Sono quelli che arrivano e sono belli, dolci, magari rivangano un po’ il passato e ti portano un sorriso, ma che subito dopo si portano appresso l’altro lato della medaglia e si autorovinano ricordandoti cosa ha fatto marcire le cose belle del primo pensiero.

I doppi pensieri vengono sempre a braccetto e sono sempre in coppia: il bello e il brutto, la certezza e l’insicurezza, il mi fido e il non mi fido più, quel che c’era e il motivo per cui ora non c’è più.

Sono un po’ come dei boomerang lanciati dalla tua mente per autoinfliggersi qualcosa di brutto tipo il cilicio, perché lo scopo di un pensiero doppio non è m-a-i quello di riportare a galla il primo pensiero, ma il secondo. Il rovescio nero della medaglia è il fine ultimo e ti si appiccica addosso come una ragnatela invisibile.
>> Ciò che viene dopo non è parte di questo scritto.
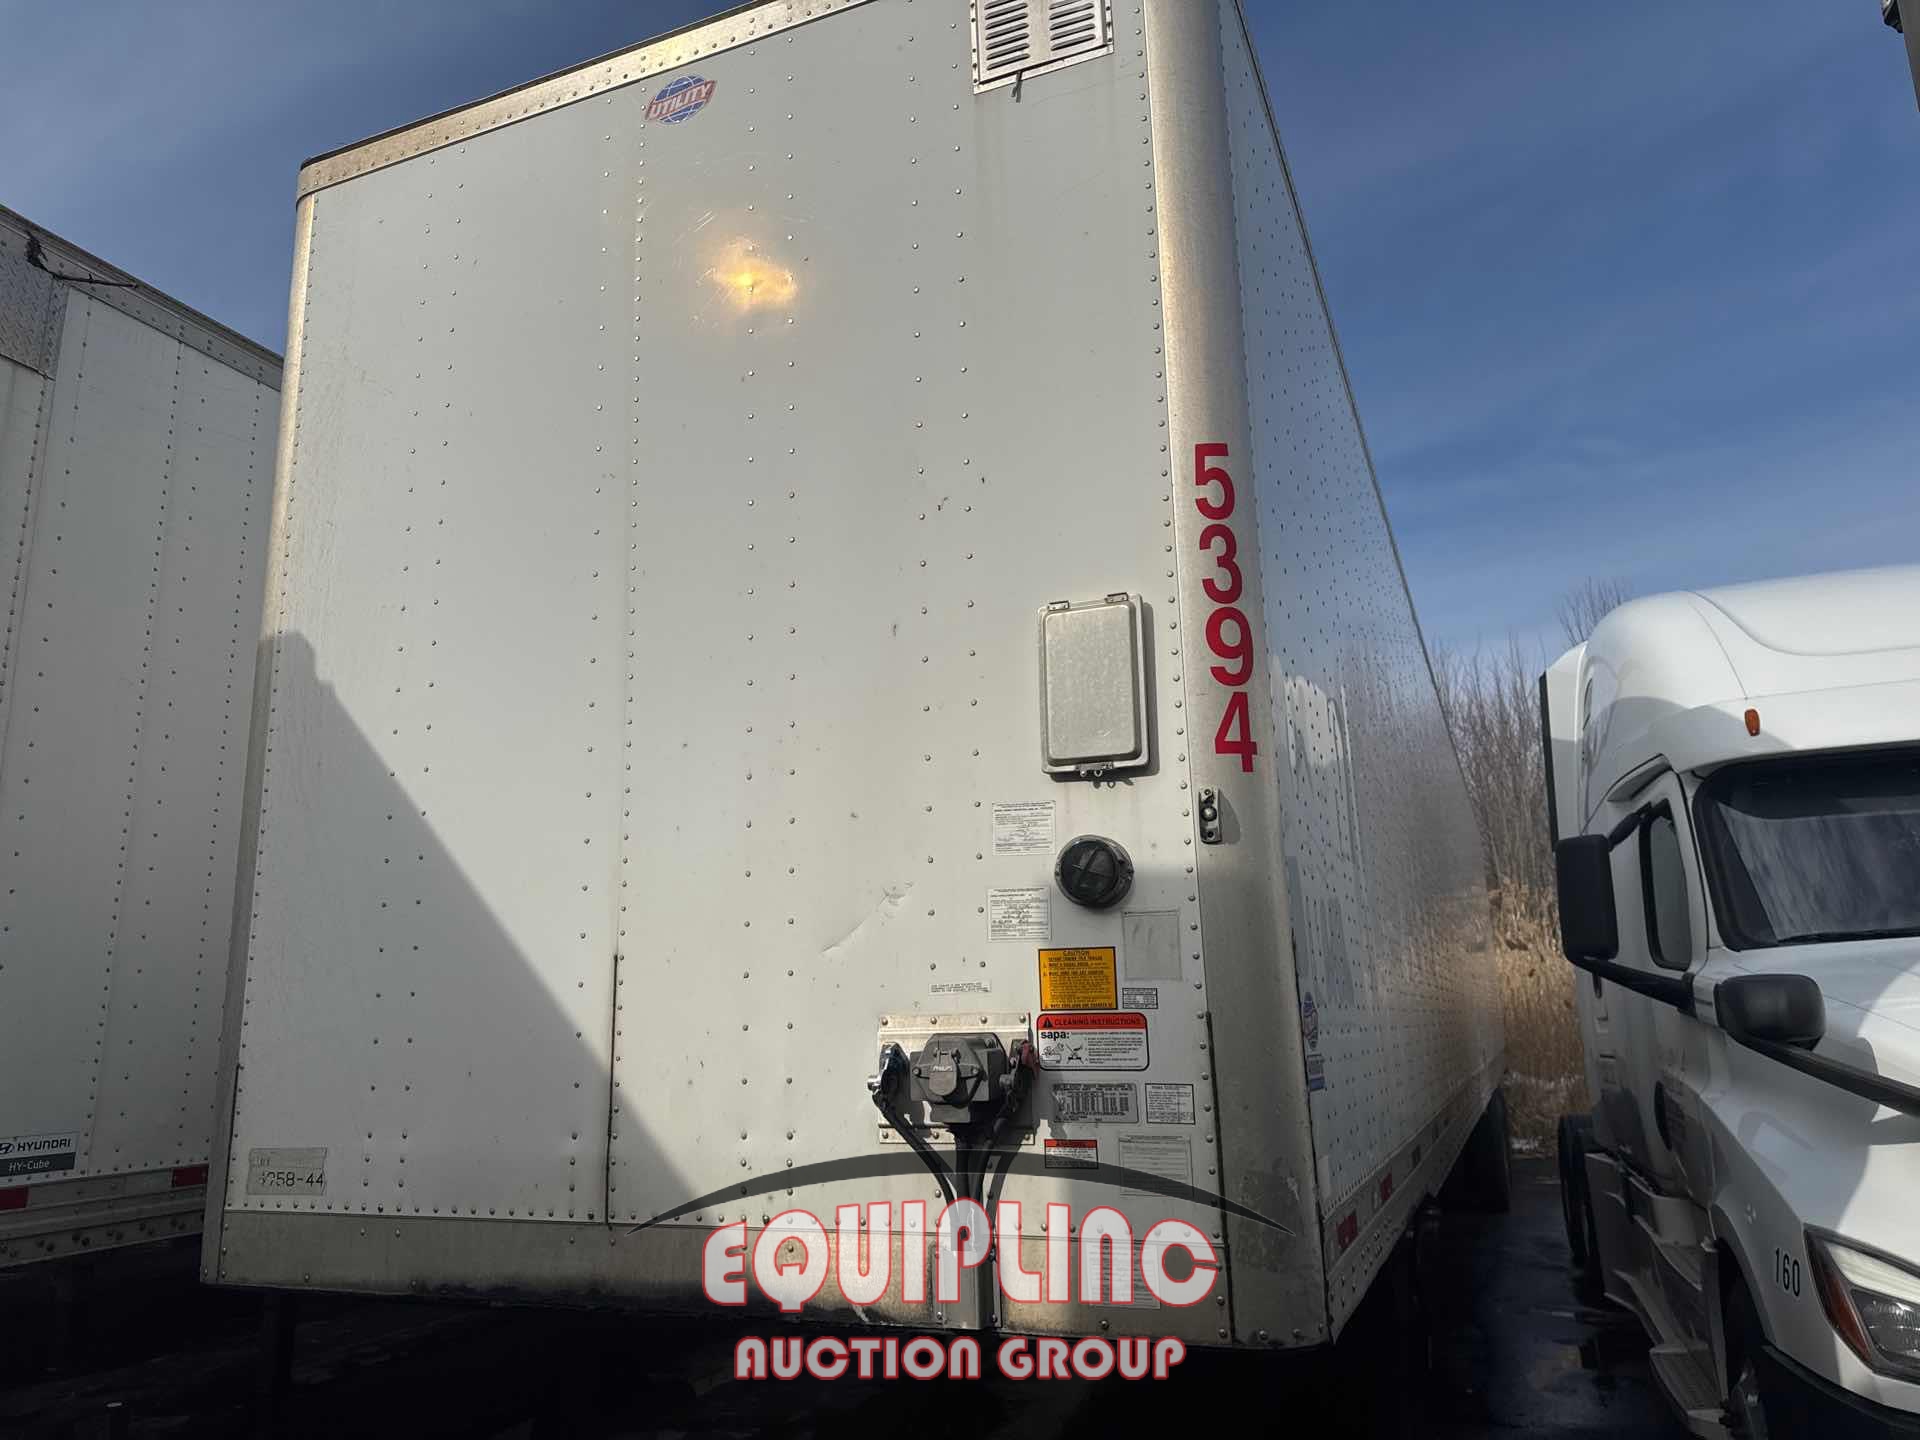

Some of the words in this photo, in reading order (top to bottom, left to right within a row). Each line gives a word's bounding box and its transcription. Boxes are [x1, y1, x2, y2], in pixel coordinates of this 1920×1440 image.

[649, 82, 713, 119] UTILITY
[1194, 443, 1258, 773] 5394
[17, 1139, 71, 1152] HYUNDAI
[9, 1160, 50, 1172] HY-Cube
[1775, 1247, 1801, 1298] 160
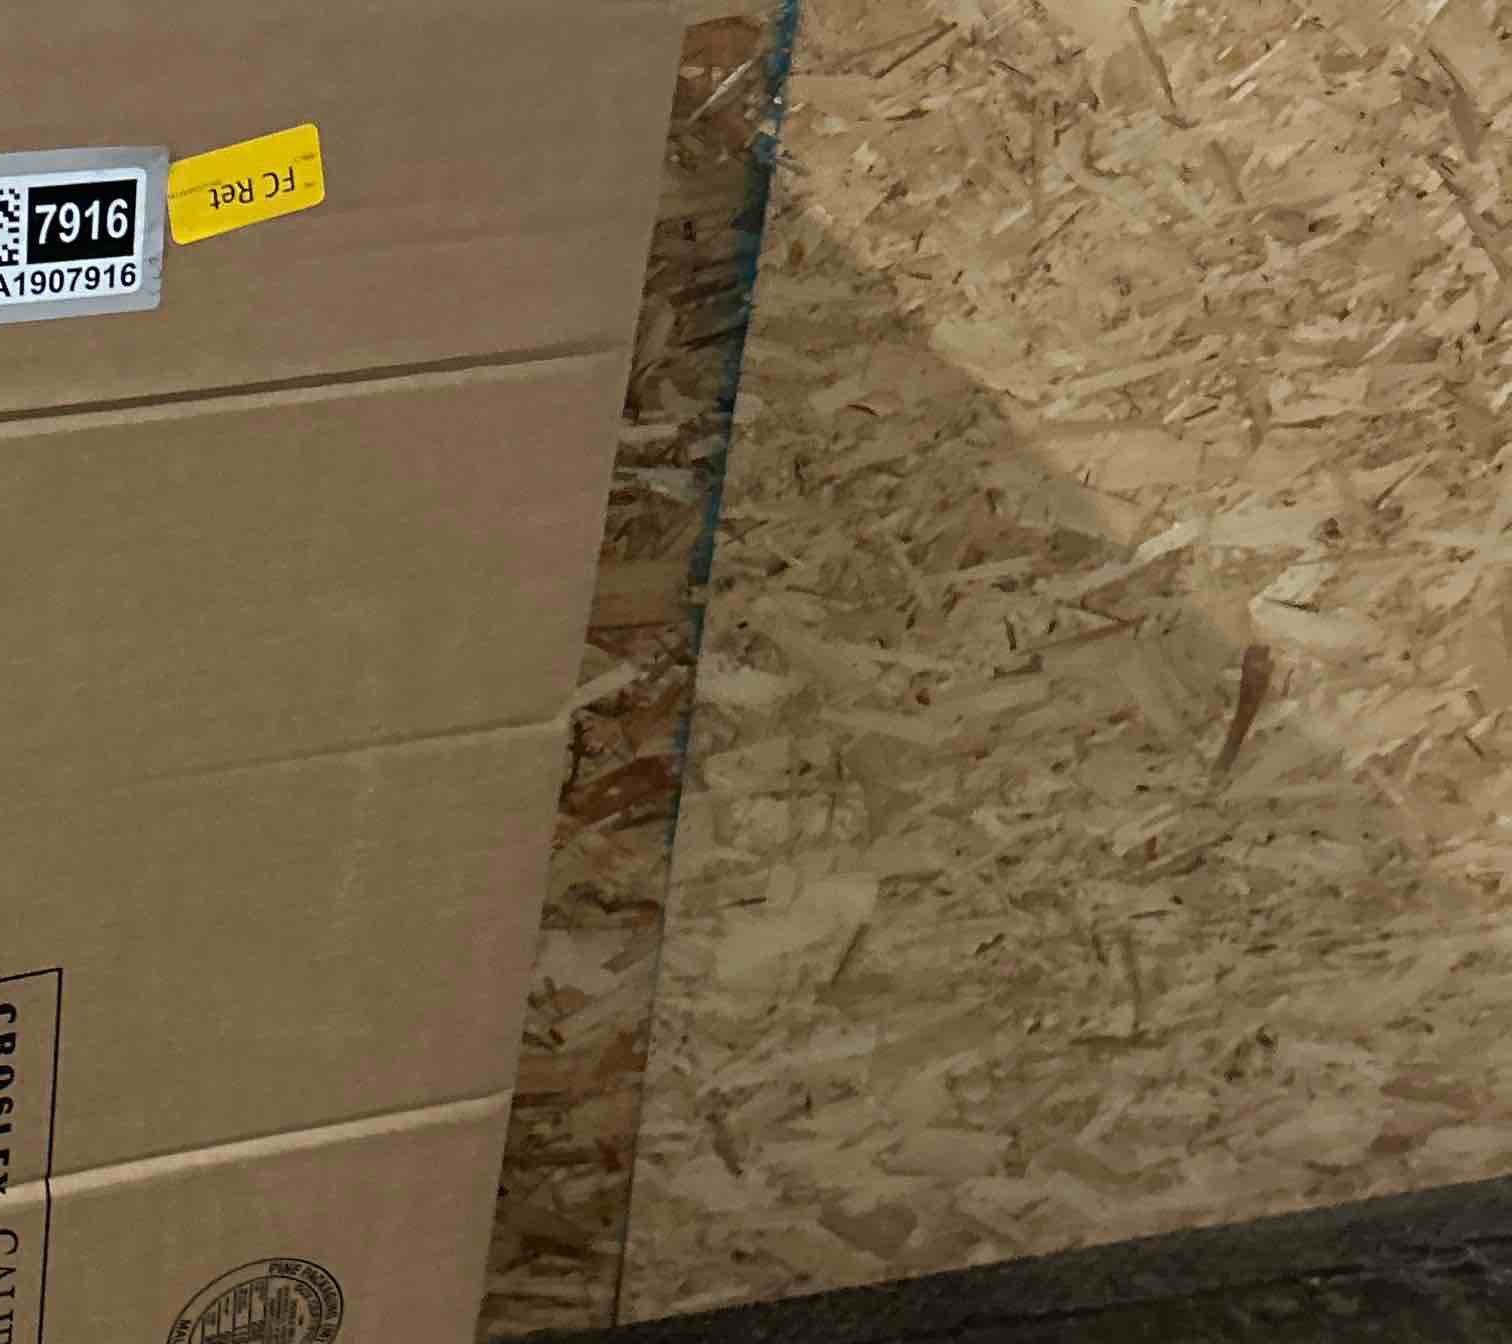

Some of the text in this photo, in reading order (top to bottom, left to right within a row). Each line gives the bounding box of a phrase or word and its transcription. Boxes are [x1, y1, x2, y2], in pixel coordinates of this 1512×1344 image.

[208, 178, 254, 210] Ret
[262, 166, 295, 198] FC
[34, 197, 128, 245] 7916
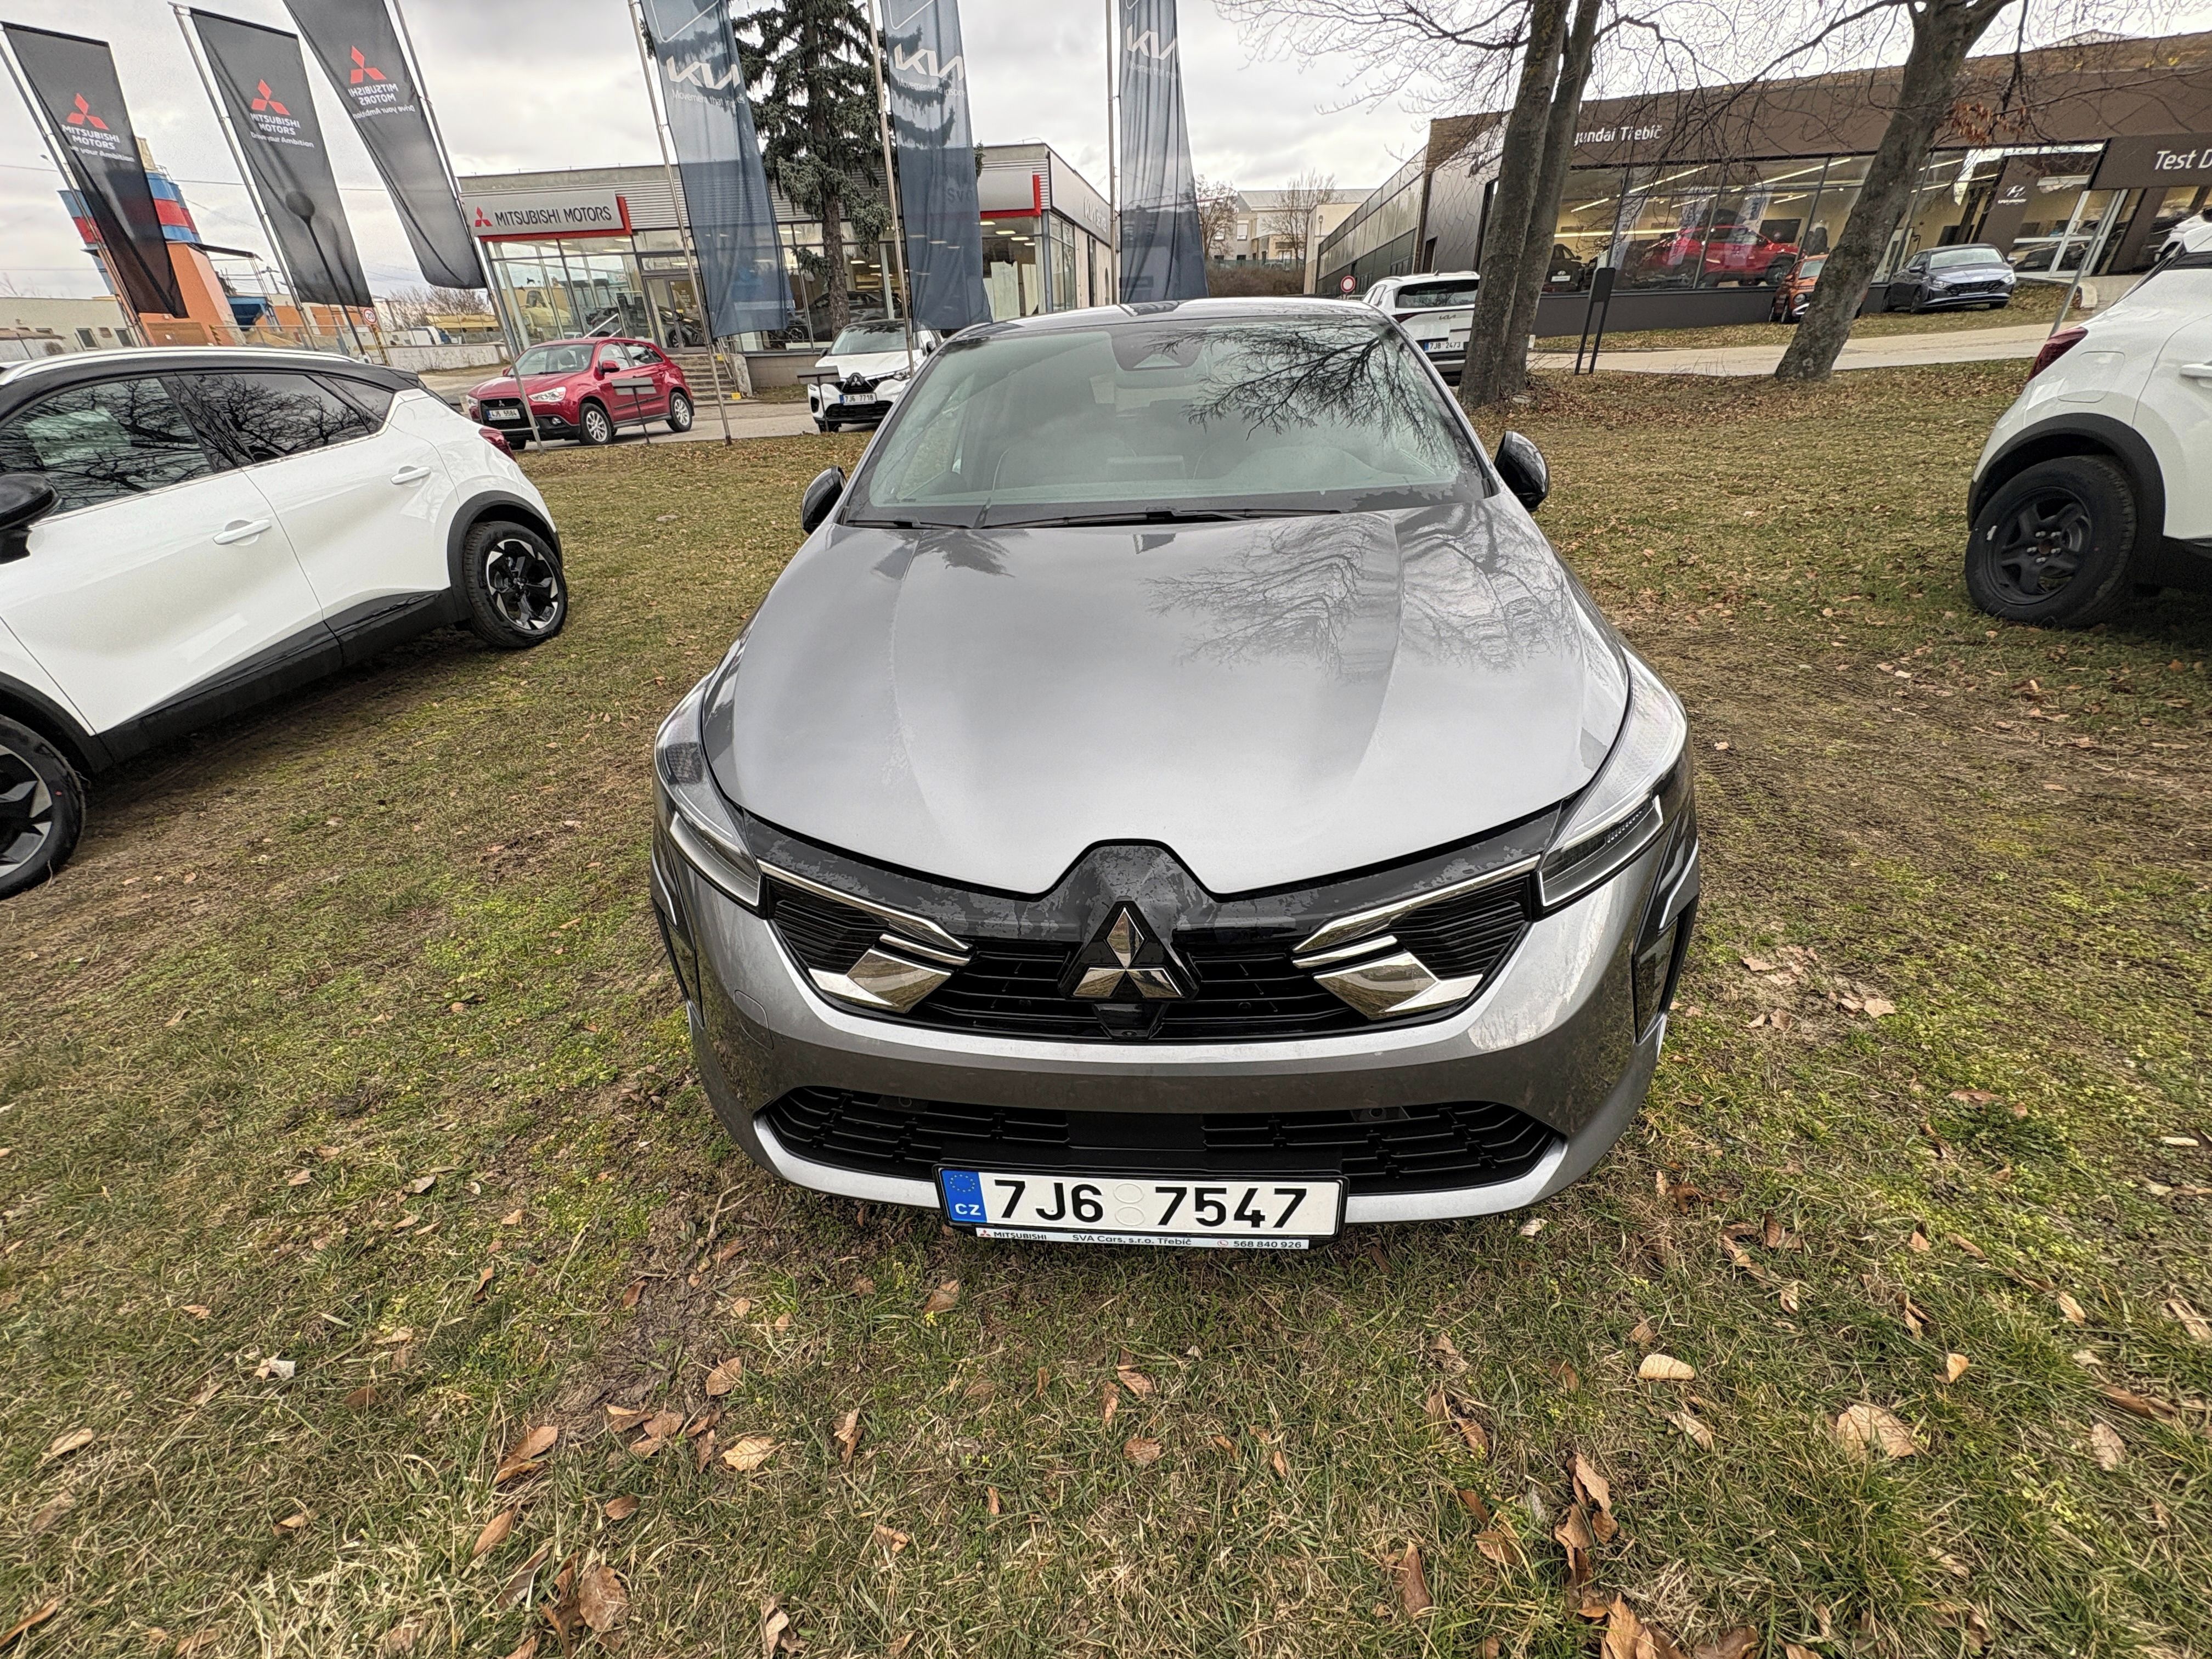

I doppi pensieri hanno la natura dei capelli delle ragazze: si infilano ovunque e ci si convive per un po’, ma quando ci si accorge che sono dentro una maglia o un paio di pantaloni provocano un prurito sgradevole e ti solleticano per tutto il giorno. Li si cerca, si tenta di tirarli via, di cambiare maglia persino, ma quelli rimangono là, saldamente avvinghiati al loro scopo e al piacere di torturarti lentamente.